WHAT IS NEEDED:
Retype exactly the lines that run from the line with "this 1500×1000 image." to the final line of the entries, keeping both ends and nothing else.

MATERIAL PROVIDED:
-- Opening Marker --

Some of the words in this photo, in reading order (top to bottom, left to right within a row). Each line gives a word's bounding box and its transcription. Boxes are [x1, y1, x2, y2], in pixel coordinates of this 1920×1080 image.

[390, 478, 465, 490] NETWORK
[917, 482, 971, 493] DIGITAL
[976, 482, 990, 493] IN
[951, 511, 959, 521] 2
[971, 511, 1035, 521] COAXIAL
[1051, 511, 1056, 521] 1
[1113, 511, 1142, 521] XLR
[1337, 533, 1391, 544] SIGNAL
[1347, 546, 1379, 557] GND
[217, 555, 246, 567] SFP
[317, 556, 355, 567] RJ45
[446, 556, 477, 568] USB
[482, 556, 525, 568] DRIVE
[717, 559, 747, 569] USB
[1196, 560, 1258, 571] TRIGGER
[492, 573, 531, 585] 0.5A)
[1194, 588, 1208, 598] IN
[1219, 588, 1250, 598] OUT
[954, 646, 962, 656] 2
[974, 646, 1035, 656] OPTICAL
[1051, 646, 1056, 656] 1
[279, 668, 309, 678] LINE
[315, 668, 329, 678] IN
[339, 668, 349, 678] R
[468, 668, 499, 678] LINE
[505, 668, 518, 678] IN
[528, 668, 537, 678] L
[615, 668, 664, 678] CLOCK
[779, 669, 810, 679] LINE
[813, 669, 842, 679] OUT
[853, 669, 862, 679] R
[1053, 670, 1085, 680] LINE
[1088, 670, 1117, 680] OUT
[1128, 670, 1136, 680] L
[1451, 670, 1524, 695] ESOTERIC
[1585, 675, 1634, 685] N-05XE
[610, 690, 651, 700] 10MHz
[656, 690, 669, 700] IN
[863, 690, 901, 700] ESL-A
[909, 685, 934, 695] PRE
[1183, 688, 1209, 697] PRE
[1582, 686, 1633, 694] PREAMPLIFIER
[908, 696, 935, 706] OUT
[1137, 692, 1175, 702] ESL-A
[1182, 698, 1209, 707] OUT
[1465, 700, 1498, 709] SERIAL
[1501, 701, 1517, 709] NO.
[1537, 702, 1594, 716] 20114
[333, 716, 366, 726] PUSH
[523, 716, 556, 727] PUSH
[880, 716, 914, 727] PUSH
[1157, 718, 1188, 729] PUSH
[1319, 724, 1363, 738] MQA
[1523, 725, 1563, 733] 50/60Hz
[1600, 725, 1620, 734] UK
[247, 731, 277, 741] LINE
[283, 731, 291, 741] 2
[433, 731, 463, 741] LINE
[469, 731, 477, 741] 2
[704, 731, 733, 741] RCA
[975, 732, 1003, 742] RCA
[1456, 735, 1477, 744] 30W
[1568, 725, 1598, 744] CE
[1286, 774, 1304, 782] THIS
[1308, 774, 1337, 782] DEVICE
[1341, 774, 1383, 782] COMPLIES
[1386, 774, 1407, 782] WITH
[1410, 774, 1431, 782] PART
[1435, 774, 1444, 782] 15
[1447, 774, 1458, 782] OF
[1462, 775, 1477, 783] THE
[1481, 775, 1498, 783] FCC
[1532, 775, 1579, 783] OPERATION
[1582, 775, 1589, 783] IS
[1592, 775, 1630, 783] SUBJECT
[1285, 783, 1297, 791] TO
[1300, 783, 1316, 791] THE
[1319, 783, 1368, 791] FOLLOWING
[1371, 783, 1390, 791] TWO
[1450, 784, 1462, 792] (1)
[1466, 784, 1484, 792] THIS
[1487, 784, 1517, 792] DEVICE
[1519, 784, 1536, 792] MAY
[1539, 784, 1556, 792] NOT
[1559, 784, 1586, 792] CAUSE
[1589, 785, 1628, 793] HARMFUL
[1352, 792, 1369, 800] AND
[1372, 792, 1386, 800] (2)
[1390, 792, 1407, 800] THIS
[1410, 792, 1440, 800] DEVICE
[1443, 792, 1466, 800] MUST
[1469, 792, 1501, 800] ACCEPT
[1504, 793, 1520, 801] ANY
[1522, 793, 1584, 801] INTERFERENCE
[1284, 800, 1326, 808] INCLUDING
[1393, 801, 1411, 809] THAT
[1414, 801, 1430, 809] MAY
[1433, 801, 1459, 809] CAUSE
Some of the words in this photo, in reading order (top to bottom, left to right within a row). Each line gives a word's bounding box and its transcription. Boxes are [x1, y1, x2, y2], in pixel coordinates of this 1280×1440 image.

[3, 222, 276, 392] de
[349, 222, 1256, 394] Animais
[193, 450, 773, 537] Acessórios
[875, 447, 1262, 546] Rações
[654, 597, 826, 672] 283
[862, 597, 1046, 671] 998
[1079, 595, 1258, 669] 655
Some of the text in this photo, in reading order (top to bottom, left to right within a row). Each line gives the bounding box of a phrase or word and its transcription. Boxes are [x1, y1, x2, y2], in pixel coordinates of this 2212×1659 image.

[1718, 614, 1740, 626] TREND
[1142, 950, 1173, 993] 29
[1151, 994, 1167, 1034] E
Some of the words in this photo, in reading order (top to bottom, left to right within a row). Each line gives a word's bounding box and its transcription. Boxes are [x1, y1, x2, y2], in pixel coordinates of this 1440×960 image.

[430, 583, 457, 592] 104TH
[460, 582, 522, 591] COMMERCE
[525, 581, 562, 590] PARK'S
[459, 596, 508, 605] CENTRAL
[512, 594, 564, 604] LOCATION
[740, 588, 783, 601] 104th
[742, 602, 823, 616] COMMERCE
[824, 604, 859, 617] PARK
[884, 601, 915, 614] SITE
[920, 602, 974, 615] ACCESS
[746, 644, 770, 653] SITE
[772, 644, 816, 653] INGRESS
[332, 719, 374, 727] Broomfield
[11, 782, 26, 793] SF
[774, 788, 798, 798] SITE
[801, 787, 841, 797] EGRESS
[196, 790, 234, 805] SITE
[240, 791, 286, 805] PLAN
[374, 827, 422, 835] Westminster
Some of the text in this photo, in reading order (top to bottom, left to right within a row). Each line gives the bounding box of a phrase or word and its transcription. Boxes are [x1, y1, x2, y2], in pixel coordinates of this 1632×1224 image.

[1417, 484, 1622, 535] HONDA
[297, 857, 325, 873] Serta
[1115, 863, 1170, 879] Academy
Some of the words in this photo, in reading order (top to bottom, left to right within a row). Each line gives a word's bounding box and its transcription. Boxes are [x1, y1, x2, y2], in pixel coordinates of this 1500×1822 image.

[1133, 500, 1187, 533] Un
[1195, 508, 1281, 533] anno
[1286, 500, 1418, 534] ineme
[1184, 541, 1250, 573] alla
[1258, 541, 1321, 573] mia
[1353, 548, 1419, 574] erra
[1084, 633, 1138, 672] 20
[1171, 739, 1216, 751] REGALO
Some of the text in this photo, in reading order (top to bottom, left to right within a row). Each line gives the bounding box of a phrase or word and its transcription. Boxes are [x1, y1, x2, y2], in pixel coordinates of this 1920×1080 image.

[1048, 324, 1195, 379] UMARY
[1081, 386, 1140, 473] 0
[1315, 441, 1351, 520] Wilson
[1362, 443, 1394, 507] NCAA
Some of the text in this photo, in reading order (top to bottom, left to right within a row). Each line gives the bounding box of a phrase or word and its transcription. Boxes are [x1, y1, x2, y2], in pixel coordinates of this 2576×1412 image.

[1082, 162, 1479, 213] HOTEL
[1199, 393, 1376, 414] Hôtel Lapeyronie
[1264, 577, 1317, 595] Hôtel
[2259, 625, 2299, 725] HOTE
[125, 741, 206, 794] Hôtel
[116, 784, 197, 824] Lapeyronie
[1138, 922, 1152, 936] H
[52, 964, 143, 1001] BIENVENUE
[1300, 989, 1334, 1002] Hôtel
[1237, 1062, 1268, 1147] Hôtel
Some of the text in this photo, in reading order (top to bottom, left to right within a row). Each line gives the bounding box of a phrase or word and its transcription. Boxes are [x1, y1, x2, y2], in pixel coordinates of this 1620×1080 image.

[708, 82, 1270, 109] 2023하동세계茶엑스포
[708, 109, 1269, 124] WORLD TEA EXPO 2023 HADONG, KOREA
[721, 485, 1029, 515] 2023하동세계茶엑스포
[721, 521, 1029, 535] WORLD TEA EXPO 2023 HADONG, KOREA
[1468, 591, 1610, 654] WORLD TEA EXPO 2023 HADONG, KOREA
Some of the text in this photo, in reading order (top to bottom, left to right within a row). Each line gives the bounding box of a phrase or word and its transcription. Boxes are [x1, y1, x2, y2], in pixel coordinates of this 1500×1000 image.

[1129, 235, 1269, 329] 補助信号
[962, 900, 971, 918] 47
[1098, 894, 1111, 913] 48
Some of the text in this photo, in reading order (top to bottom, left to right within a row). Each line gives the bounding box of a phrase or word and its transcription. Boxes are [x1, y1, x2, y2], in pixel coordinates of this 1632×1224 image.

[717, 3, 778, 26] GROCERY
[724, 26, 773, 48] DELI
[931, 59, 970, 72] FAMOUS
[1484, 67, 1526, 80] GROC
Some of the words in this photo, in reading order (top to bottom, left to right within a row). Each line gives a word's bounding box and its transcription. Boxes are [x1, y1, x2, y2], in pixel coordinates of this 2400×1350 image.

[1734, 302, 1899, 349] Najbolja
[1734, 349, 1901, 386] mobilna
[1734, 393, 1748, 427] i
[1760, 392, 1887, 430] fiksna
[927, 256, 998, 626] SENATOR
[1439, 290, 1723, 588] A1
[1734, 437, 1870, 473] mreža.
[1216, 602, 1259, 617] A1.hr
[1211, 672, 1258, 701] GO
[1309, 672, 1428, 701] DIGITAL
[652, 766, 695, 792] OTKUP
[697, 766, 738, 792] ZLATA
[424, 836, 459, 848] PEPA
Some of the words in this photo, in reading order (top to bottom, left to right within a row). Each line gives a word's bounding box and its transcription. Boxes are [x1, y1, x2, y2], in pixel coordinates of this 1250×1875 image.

-- Closing Marker --

RESPONSE TO THE TASK:
Some of the text in this photo, in reading order (top to bottom, left to right within a row). Each line gives the bounding box of a phrase or word and its transcription. Boxes are [x1, y1, x2, y2], in pixel coordinates of this 1500×1000 image.

[1129, 235, 1269, 329] 補助信号
[962, 900, 971, 918] 47
[1098, 894, 1111, 913] 48
Some of the text in this photo, in reading order (top to bottom, left to right within a row). Each line gives the bounding box of a phrase or word and its transcription. Boxes are [x1, y1, x2, y2], in pixel coordinates of this 1632×1224 image.

[717, 3, 778, 26] GROCERY
[724, 26, 773, 48] DELI
[931, 59, 970, 72] FAMOUS
[1484, 67, 1526, 80] GROC
Some of the words in this photo, in reading order (top to bottom, left to right within a row). Each line gives a word's bounding box and its transcription. Boxes are [x1, y1, x2, y2], in pixel coordinates of this 2400×1350 image.

[1734, 302, 1899, 349] Najbolja
[1734, 349, 1901, 386] mobilna
[1734, 393, 1748, 427] i
[1760, 392, 1887, 430] fiksna
[927, 256, 998, 626] SENATOR
[1439, 290, 1723, 588] A1
[1734, 437, 1870, 473] mreža.
[1216, 602, 1259, 617] A1.hr
[1211, 672, 1258, 701] GO
[1309, 672, 1428, 701] DIGITAL
[652, 766, 695, 792] OTKUP
[697, 766, 738, 792] ZLATA
[424, 836, 459, 848] PEPA
Some of the words in this photo, in reading order (top to bottom, left to right within a row). Each line gives a word's bounding box and its transcription. Boxes are [x1, y1, x2, y2], in pixel coordinates of this 1250×1875 image.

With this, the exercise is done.